We have four people reading and responding to consultations but the average small firm has no chance 

Photographs and PI pains

You get the feeling Davy does nothing half-hearted. It is all or nothing. Take his previous career in photography. He went around the world 13 times in four years as a cruise photographer from the age of 19, then started his own photography business in Huddersfield.

As the first person in the world to print a colour photograph through a commercial print process, he says he was able to offer services others could not compete with. But by 1970 he had a young family and was also pursuing an interest in local politics so he needed a career which offered more flexibility. Financial services fitted the bill.

“I locked the camera up in a cupboard as I was a well known photographer and if I’d walked around with a camera people would have seen me as selling life insurance on the side. The camera never saw the light of day,” he says.

Davy’s career post-Abbey Life is well documented. He initially worked as an IFA then invented the IFA network with the launch of DBS. DBS was sold to Misys in 2001 and, by 2002, Davy had launched a new company, compliance and business support services firm SimplyBiz.

But it has not been plain sailing. Almost immediately after SimplyBiz launched, the professional indemnity market for small firms disappeared.

“At the outset of 2003 the PI insurance market had collapsed and the regulator at the time, the FSA, had no solution. At one point, over 1,000 firms regulated by the FSA were trading without PII because it was not available. The underwriters wouldn’t pick up a pen for less than a £25,000 premium so it was cost prohibitive for smaller firms – that’s if they could get it. It would have shut down SimplyBiz before it started or made life impossible for the IFA sector. It would have been the end of the IFA sector,” says Davy.

“So I spent six months figuring out a solution and found one. I was working with the FSA and to a certain extent the Treasury in putting an approved solution together. The first three were rejected but the fourth was a breakthrough. It involved establishing a re-insurer with SimplyBiz initially taking 95 per cent of the risk.”

SimplyBiz now helps over 6,000 advisers and has recently launched a digital solution. The web-based NextGen Sites service enables advisers to provide their clients with topical information and interactive tools. This ties in with Davy’s views on robo-advice.

“Robo-advice is a contradiction in terms: it is not robotic and it is not advice. However, using enhanced technology and what is termed robo-advice is a fantastic opportunity for advisers themselves. Used properly it will help advisers service more clients more efficiently and more profitably.”

Davy plans to continue ensuring the firms SimplyBiz serves remain competitive and successful.

“We are still growing every month and the basic premise hasn’t changed. It isn’t that a firm couldn’t spend time doing its own compliance if it wanted to, but it can spend its time more productively doing other things,” he says.

It seems Davy, who is also chairman of Rugby League club Huddersfield Giants, rarely gets interviewed without speculation about his retirement. Does he get fed up with that particular line of questioning?

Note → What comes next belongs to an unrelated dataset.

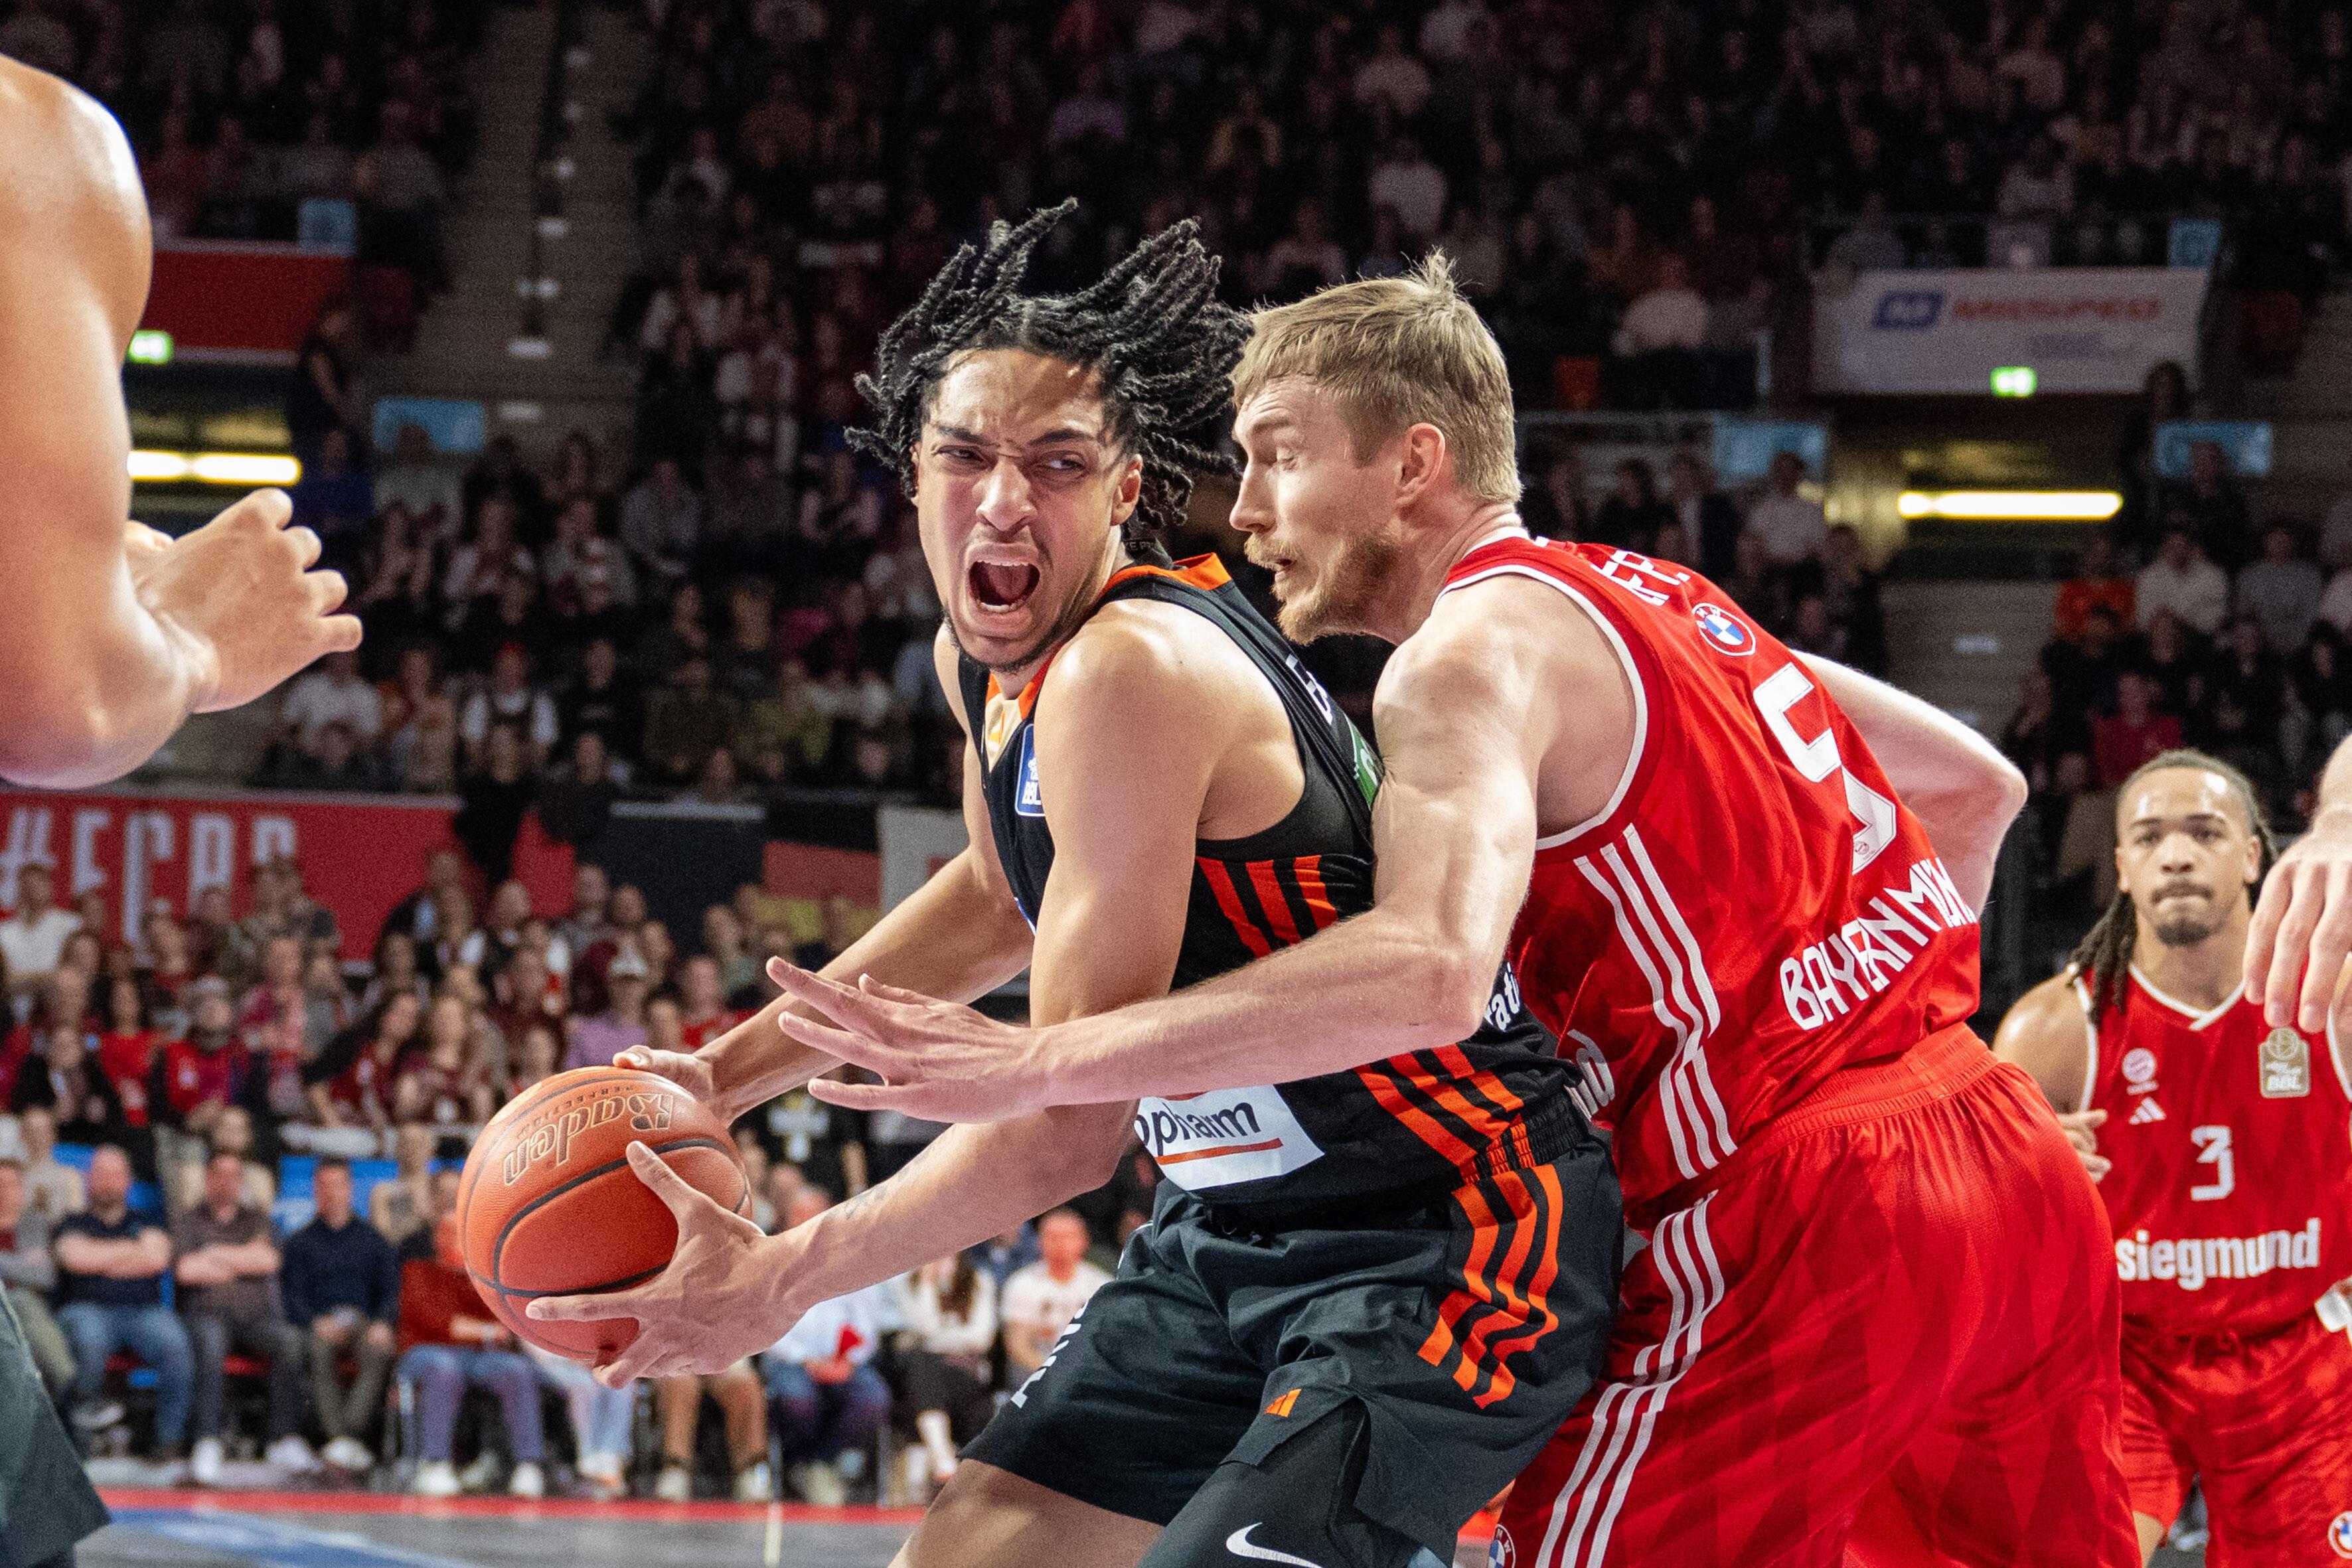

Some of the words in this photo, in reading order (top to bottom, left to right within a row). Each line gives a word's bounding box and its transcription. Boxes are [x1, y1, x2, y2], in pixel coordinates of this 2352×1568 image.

[1753, 662, 1897, 876] 5
[503, 1093, 674, 1186] Baden
[2191, 1125, 2235, 1202] 3
[2115, 1217, 2321, 1291] siegmund
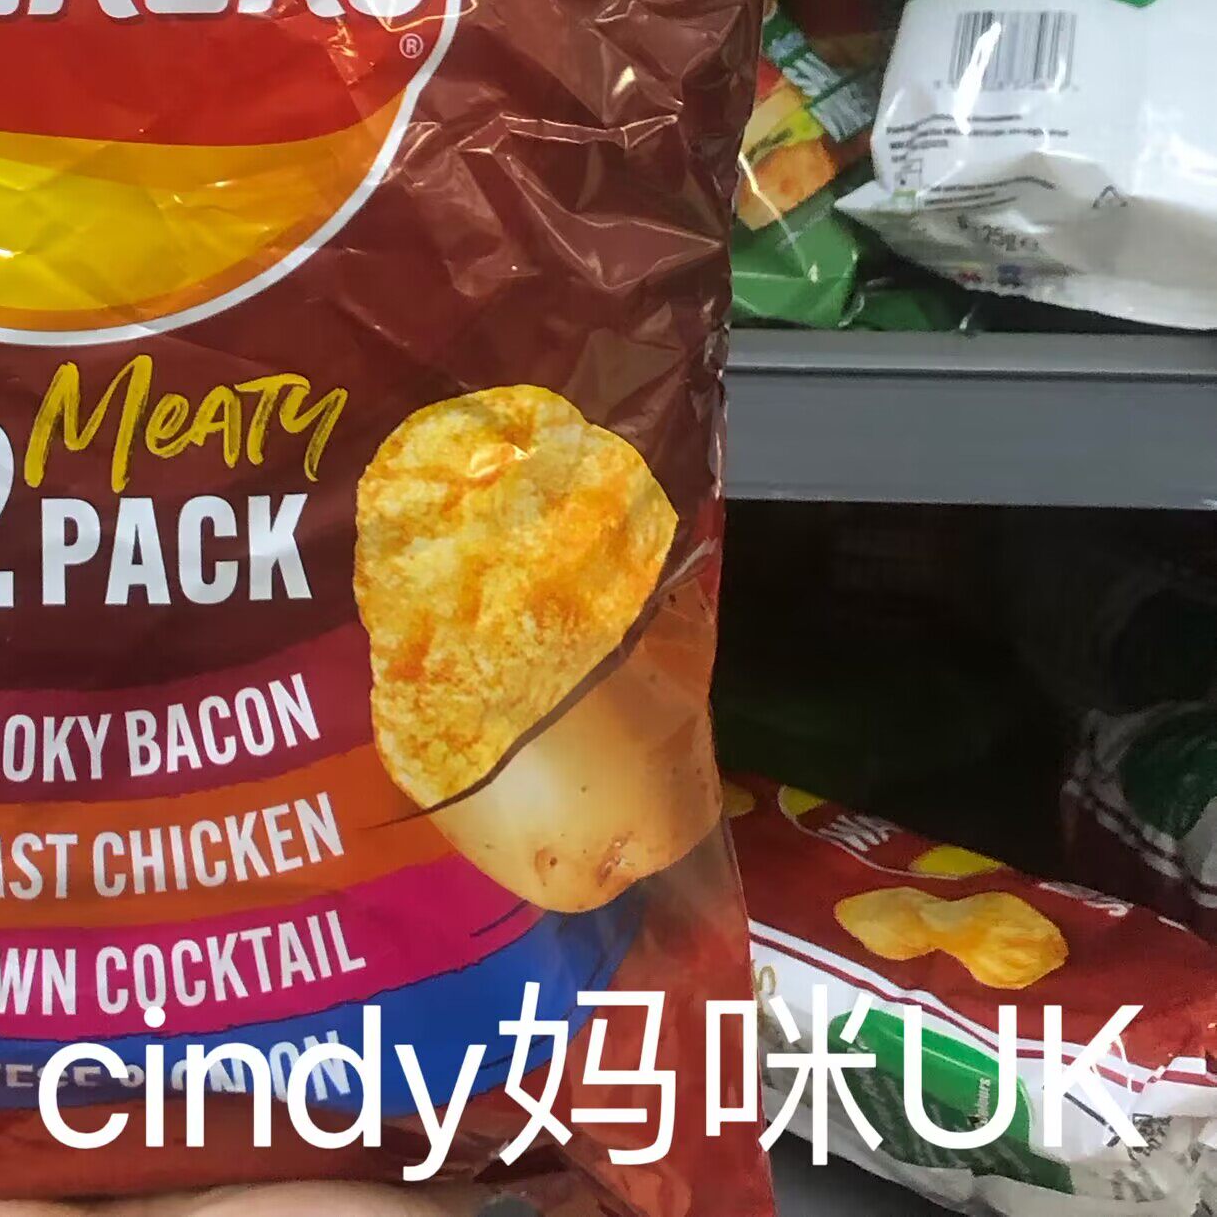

“I don’t know whether Mary Berry has this problem, and she has quite a few years on me,” he jokes. “But I’ve not thought about retirement. As long as I enjoy what I do and I’m learning something. I do other things as well, I’m not a workaholic.”

Five questions

What’s the best bit of advice you’ve received in your career?
To make the complex simple for clients. It’s not about telling them how clever you are but about what you can do for them.

What keeps you awake at night?
Nothing really – but I have to say, this season, the Huddersfield Giants!

What has had the most significant impact on financial advice in the last year?
Pension freedoms.

If I was in charge of the FCA for a day I would…
Set in train the elimination of all the rules concerned with micro-managing the firms that are regulated and set down a practical framework.

Any advice for new advisers?
Put the client first and meet as many new people as you can.